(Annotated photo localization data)
---+---
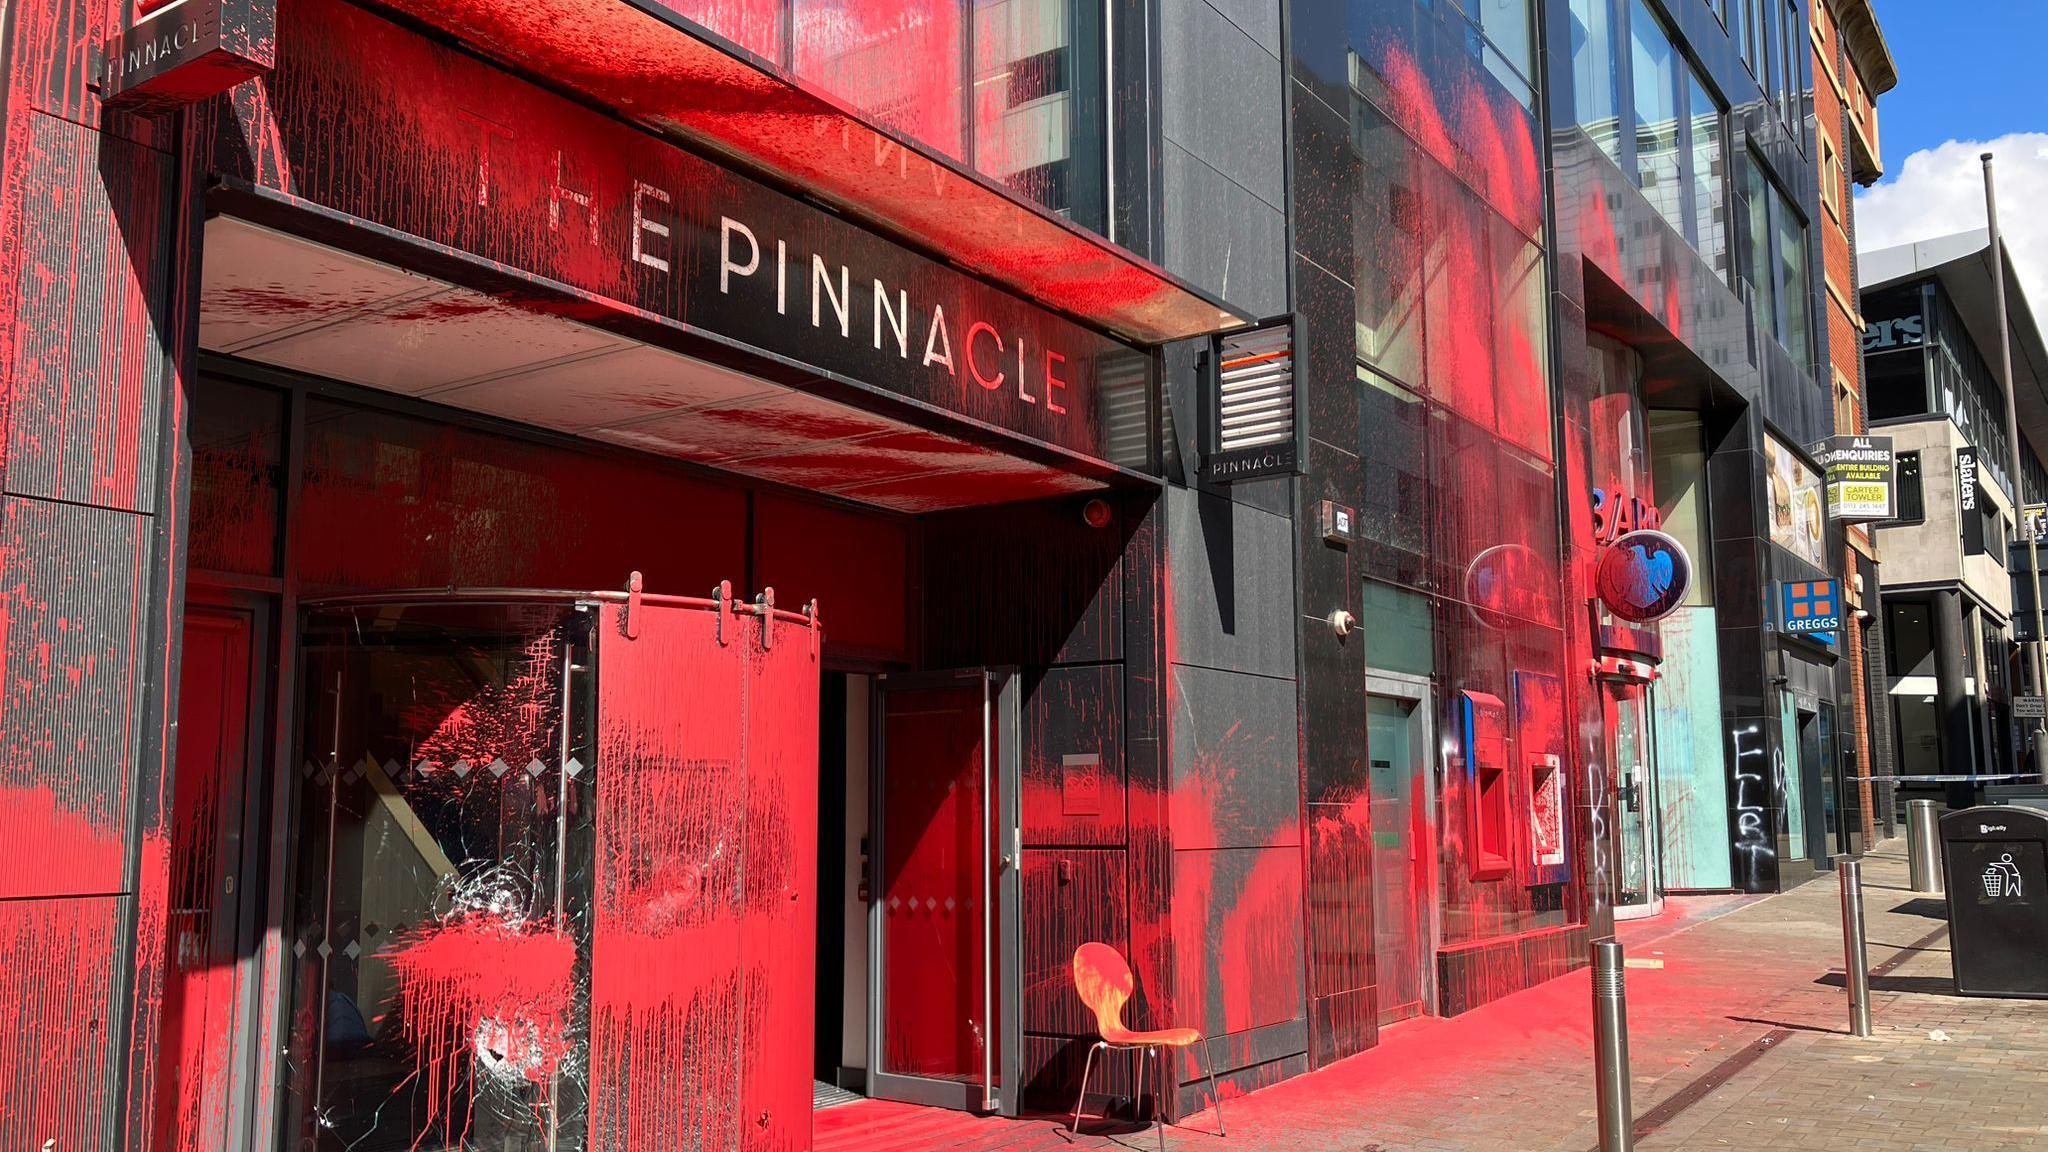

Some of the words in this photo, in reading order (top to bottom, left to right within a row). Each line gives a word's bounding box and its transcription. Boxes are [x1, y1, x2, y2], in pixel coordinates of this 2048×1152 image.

[107, 9, 214, 83] PINNACLE
[457, 108, 671, 273] THE
[719, 214, 1068, 415] PINNACLE
[1852, 437, 1872, 449] ALL
[1835, 449, 1891, 461] ENQUIRIES
[1212, 449, 1295, 476] PINNACLE
[1837, 463, 1859, 471] ENTIRE
[1859, 463, 1890, 472] BUILDING
[1845, 472, 1881, 480] AVAILABLE
[1958, 454, 1977, 511] slaters
[1847, 493, 1882, 501] TOWLER
[1787, 617, 1839, 631] GREGGS
---+---
- **What the task asks**:
When you transcribe these entries, keep every word exact and drop the pictures.

- **Exercise solution**:
Some of the words in this photo, in reading order (top to bottom, left to right within a row). Each line gives a word's bounding box and its transcription. Boxes are [x1, y1, x2, y2], in pixel coordinates of this 2048×1152 image.

[107, 9, 214, 83] PINNACLE
[457, 108, 671, 273] THE
[719, 214, 1068, 415] PINNACLE
[1852, 437, 1872, 449] ALL
[1835, 449, 1891, 461] ENQUIRIES
[1212, 449, 1295, 476] PINNACLE
[1837, 463, 1859, 471] ENTIRE
[1859, 463, 1890, 472] BUILDING
[1845, 472, 1881, 480] AVAILABLE
[1958, 454, 1977, 511] slaters
[1847, 493, 1882, 501] TOWLER
[1787, 617, 1839, 631] GREGGS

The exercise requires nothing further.